[WHAT YOU HAVE TO DO]: Every line with the string "updates" should be copied from the data.

[RECORDS PROVIDED]:
◇ ◇ ◇
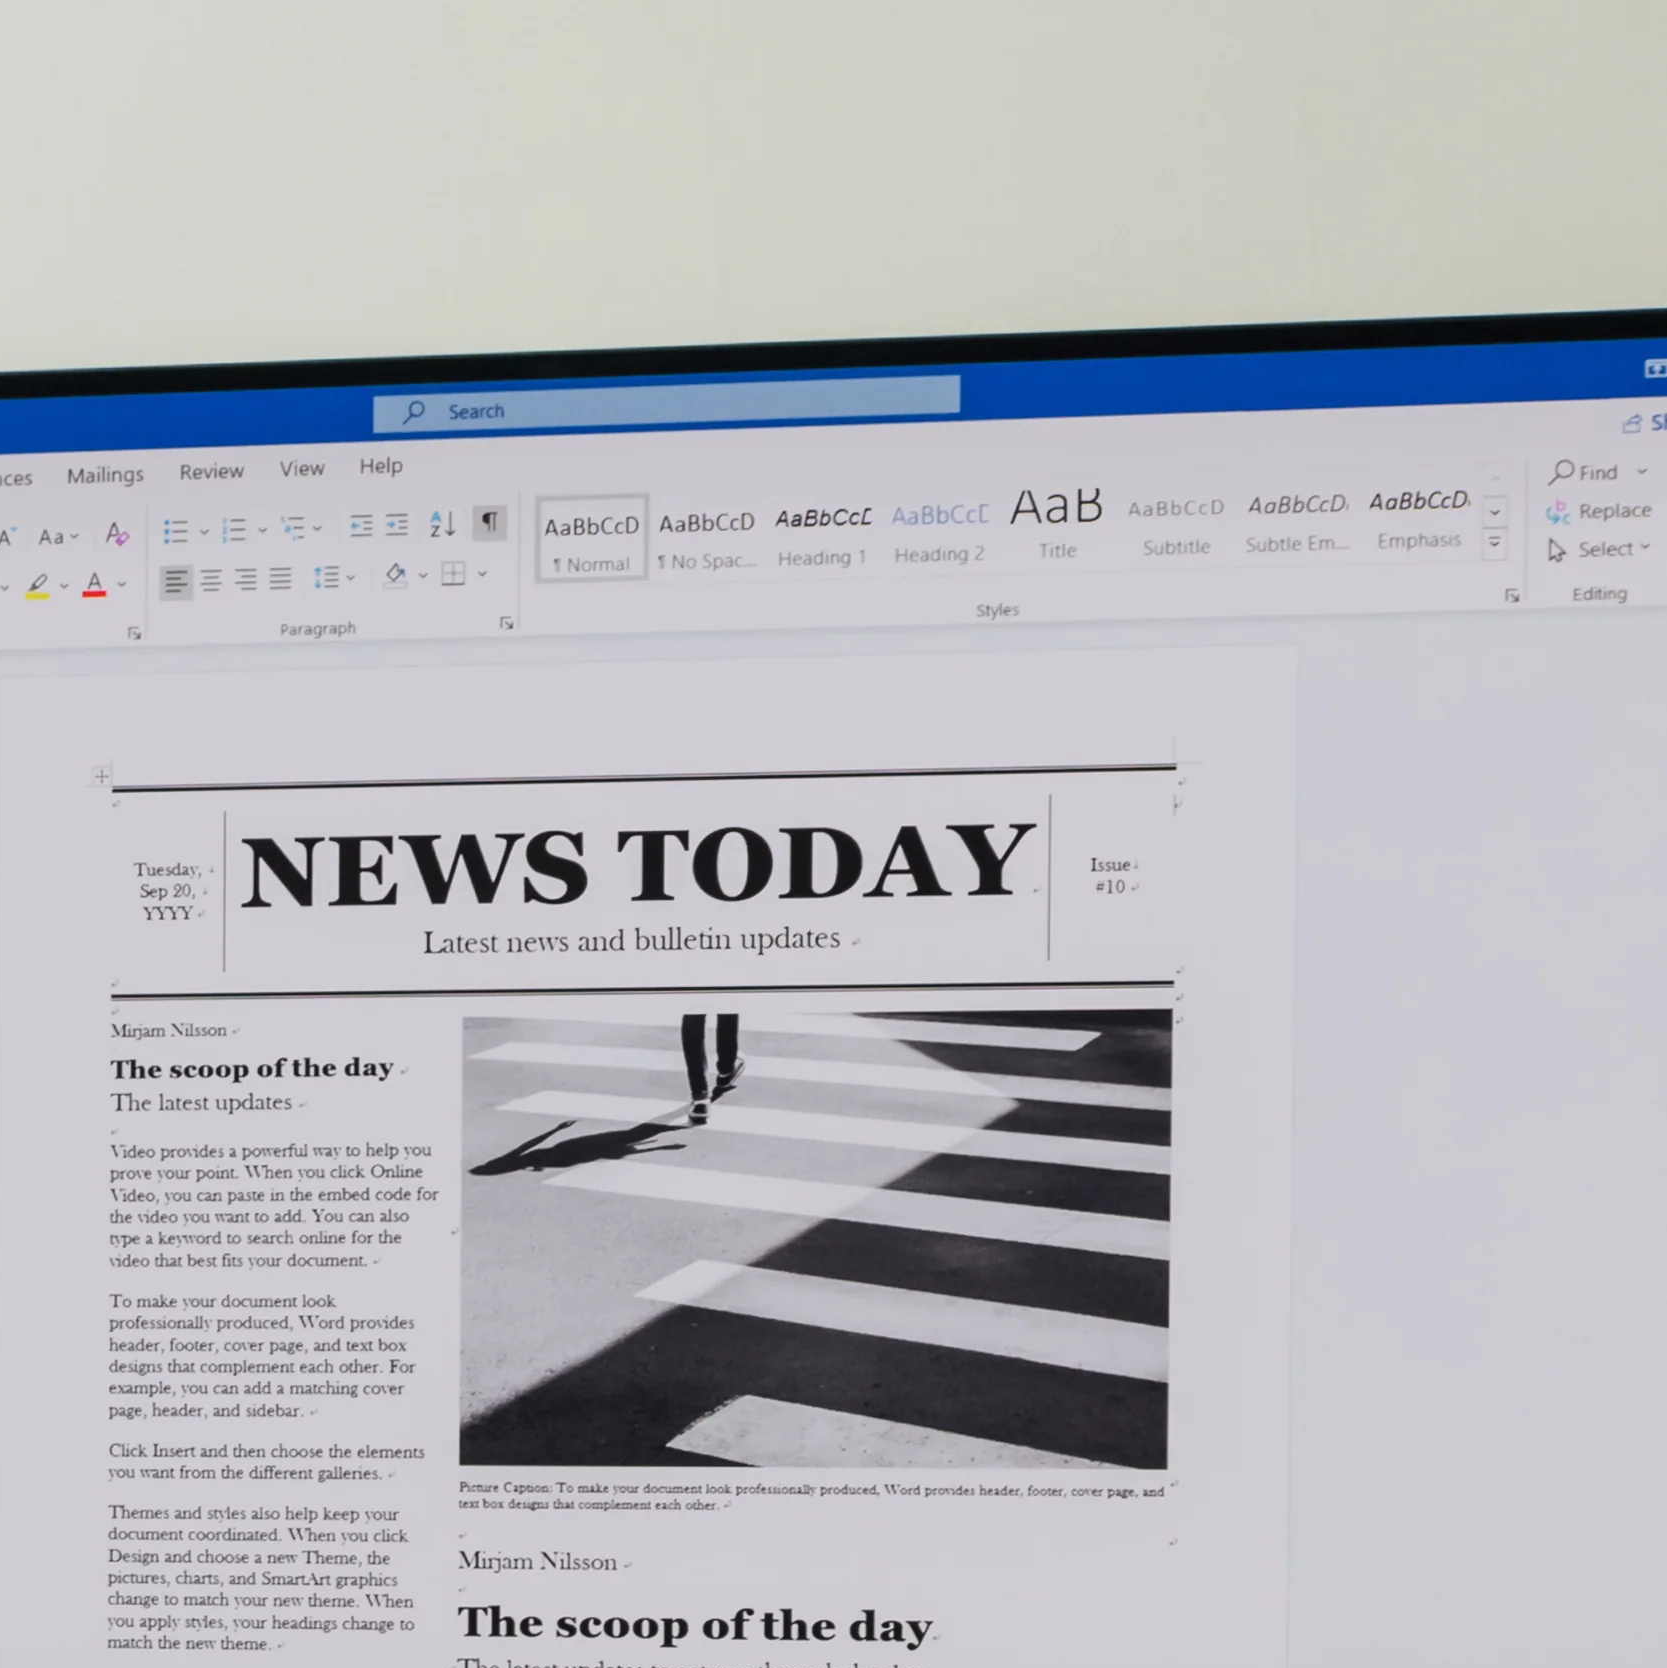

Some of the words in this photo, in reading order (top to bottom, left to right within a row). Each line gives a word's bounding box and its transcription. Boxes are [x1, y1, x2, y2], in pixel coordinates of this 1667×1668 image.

[449, 402, 505, 421] Search
[68, 466, 145, 489] Mailings
[180, 461, 245, 481] Review
[280, 458, 325, 478] View
[360, 456, 404, 479] Help
[1580, 463, 1618, 481] Find
[1128, 498, 1225, 518] AaBbCcD
[1579, 501, 1653, 521] Replace
[544, 515, 640, 538] AaBbCcD
[659, 512, 755, 534] AaBbCcD
[1040, 542, 1077, 559] Title
[1143, 539, 1211, 556] Subtitle
[1246, 536, 1302, 553] Subtle
[1379, 532, 1462, 552] Emphasis
[1579, 539, 1635, 558] Select
[568, 554, 631, 574] Normal
[671, 552, 697, 571] No
[778, 550, 851, 569] Heading
[858, 549, 866, 565] 1
[895, 546, 969, 565] Heading
[974, 545, 985, 562] 2
[1573, 585, 1628, 605] Editing
[976, 601, 1020, 620] Styles
[280, 621, 356, 640] Paragraph
[134, 861, 203, 881] Tuesday,
[241, 830, 589, 908] NEWS
[617, 823, 1038, 903] TODAY
[1090, 856, 1132, 874] Issue
[140, 883, 167, 902] Sep
[172, 883, 196, 901] 20,
[1095, 878, 1126, 895] #10
[143, 905, 194, 921] YYYY
[424, 931, 498, 955] Latest
[507, 937, 568, 953] news
[578, 929, 624, 952] and
[635, 927, 730, 951] bulletin
[741, 926, 840, 956] updates
[111, 1024, 165, 1041] Mirjam
[171, 1023, 226, 1038] Nilsson
[110, 1059, 161, 1080] The
[170, 1065, 249, 1084] scoop
[257, 1058, 287, 1078] of
[292, 1058, 336, 1078] the
[344, 1057, 393, 1082] day
[110, 1092, 151, 1112] The
[159, 1093, 209, 1112] latest
[216, 1093, 292, 1116] updates
[111, 1144, 155, 1159] Video
[161, 1144, 224, 1162] provides
[229, 1148, 237, 1159] a
[242, 1143, 308, 1161] powerful
[313, 1147, 341, 1161] way
[346, 1146, 361, 1158] to
[366, 1142, 399, 1161] help
[404, 1147, 431, 1160] you
[110, 1170, 151, 1184] prove
[157, 1170, 190, 1183] your
[196, 1166, 238, 1184] point.
[245, 1165, 293, 1180] When
[298, 1169, 325, 1182] you
[330, 1165, 365, 1179] click
[371, 1164, 423, 1179] Online
[109, 1316, 212, 1333] professionally
[217, 1316, 293, 1333] produced,
[299, 1315, 344, 1330] Word
[350, 1316, 414, 1333] provides
[109, 1443, 147, 1458] Click
[153, 1443, 196, 1458] Insert
[200, 1444, 228, 1459] and
[233, 1443, 265, 1459] then
[271, 1443, 323, 1459] choose
[329, 1444, 351, 1459] the
[357, 1445, 425, 1460] elements
[459, 1500, 479, 1509] text
[482, 1498, 504, 1510] box
[508, 1499, 549, 1512] designs
[553, 1498, 575, 1510] that
[578, 1500, 651, 1512] complement
[655, 1499, 681, 1511] each
[685, 1499, 719, 1511] other.
[459, 1551, 533, 1574] Mirjam
[541, 1552, 617, 1571] Nilsson
[108, 1574, 170, 1588] pictures,
[175, 1570, 223, 1588] charts,
[229, 1572, 256, 1586] and
[262, 1571, 331, 1587] SmartArt
[336, 1572, 398, 1590] graphics
[458, 1605, 543, 1637] The
[556, 1617, 688, 1648] scoop
[703, 1608, 754, 1640] of
[761, 1609, 835, 1641] the
[850, 1610, 933, 1651] day
◇ ◇ ◇
[YOUR SOLUTION]:
[741, 926, 840, 956] updates
[216, 1093, 292, 1116] updates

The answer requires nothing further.